As shown in fig. 1, 2 and 3, a first heat insulation frame connection portion 1211 is formed at a lower center portion of the outdoor side frame 1200, and specifically, the outdoor side frame 1200 includes a first outdoor side frame 1210 and a second outdoor side frame 1220.

As described above, the first outdoor-side frame 1210 has the first heat insulation frame connection 1211 formed at the center of the lower end thereof, and both ends of the first outdoor-side frame 1210 extend in the upper direction to protrude to form the first outdoor-side frame coupling portion 1212, and the first outdoor-side frame coupling portion 1212 has the concave-convex portion formed therein.

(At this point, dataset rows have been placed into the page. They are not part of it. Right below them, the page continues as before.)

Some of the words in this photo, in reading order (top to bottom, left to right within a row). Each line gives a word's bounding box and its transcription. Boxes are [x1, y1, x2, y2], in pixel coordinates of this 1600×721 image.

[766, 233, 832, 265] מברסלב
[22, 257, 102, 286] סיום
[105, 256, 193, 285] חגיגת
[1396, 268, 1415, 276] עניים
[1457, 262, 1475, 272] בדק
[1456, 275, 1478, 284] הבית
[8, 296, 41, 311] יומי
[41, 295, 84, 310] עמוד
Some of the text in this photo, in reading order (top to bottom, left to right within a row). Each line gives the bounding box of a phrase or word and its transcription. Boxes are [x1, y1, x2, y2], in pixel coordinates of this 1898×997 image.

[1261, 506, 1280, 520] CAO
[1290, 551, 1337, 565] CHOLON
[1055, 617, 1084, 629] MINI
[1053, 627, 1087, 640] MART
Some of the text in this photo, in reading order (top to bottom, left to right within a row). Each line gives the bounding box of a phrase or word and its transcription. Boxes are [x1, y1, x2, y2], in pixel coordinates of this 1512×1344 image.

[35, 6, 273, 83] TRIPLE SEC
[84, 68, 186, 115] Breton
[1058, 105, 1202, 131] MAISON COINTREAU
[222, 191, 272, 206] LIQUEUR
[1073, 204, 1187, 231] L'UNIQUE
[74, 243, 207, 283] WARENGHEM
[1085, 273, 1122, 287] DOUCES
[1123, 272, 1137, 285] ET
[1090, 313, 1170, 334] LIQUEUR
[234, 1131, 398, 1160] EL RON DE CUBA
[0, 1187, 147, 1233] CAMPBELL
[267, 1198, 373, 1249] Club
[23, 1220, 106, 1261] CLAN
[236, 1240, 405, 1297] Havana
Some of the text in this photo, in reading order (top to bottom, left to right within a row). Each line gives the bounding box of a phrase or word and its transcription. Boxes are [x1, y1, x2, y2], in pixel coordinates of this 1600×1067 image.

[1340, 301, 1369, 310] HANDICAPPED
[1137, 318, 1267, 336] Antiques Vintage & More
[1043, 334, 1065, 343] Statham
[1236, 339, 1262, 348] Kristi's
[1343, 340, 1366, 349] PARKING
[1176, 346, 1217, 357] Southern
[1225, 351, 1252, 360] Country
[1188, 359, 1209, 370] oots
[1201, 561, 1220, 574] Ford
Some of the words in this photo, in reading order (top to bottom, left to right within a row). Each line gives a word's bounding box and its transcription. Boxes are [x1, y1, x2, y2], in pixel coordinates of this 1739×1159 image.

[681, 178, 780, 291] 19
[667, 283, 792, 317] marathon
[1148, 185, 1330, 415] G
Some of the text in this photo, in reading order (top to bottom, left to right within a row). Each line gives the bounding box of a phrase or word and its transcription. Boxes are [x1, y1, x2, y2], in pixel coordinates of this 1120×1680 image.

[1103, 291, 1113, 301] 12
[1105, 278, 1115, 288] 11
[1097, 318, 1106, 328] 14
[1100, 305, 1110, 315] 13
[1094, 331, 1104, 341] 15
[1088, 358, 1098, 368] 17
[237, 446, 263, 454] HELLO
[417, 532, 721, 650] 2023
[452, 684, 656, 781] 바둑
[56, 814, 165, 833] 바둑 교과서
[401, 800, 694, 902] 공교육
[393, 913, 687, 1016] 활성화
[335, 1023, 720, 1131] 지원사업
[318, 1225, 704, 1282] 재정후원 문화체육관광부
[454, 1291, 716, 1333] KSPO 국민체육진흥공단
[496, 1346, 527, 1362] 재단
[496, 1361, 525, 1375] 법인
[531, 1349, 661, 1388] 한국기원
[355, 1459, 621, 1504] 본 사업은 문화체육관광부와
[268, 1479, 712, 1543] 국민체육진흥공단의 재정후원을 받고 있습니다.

The second outdoor-side frame 1220 has a shape of "Contraband", has second outdoor-side frame coupling parts 1221 formed at both ends thereof, the second outdoor-side frame coupling parts 1221 being formed in a shape corresponding to a concave-convex part formed in the first outdoor-side frame coupling part 1212, and couples the first outdoor-side frame 1210 and the second outdoor-side frame 1220 by coupling the first outdoor-side frame coupling part 1212 and the second outdoor-side frame coupling part 1221.

The indoor side frame 1100 and the outdoor side frame 1200 may be formed of a metal material such as aluminum, stainless steel (SUS), or the like, or a material having the same strength, and specifically, the indoor side frame 1100 and the outdoor side frame 1200 may be formed in a structural shape by extrusion and molding according to the material.

As shown in fig. 2, the exterior material C is disposed along the outer surfaces of the indoor side frame 1100 and the outdoor side frame 1200 to prevent corrosion of the frames and improve aesthetic quality, and may be composed of iron, aluminum, SUS, PVC, an aluminum composite plate, or the like.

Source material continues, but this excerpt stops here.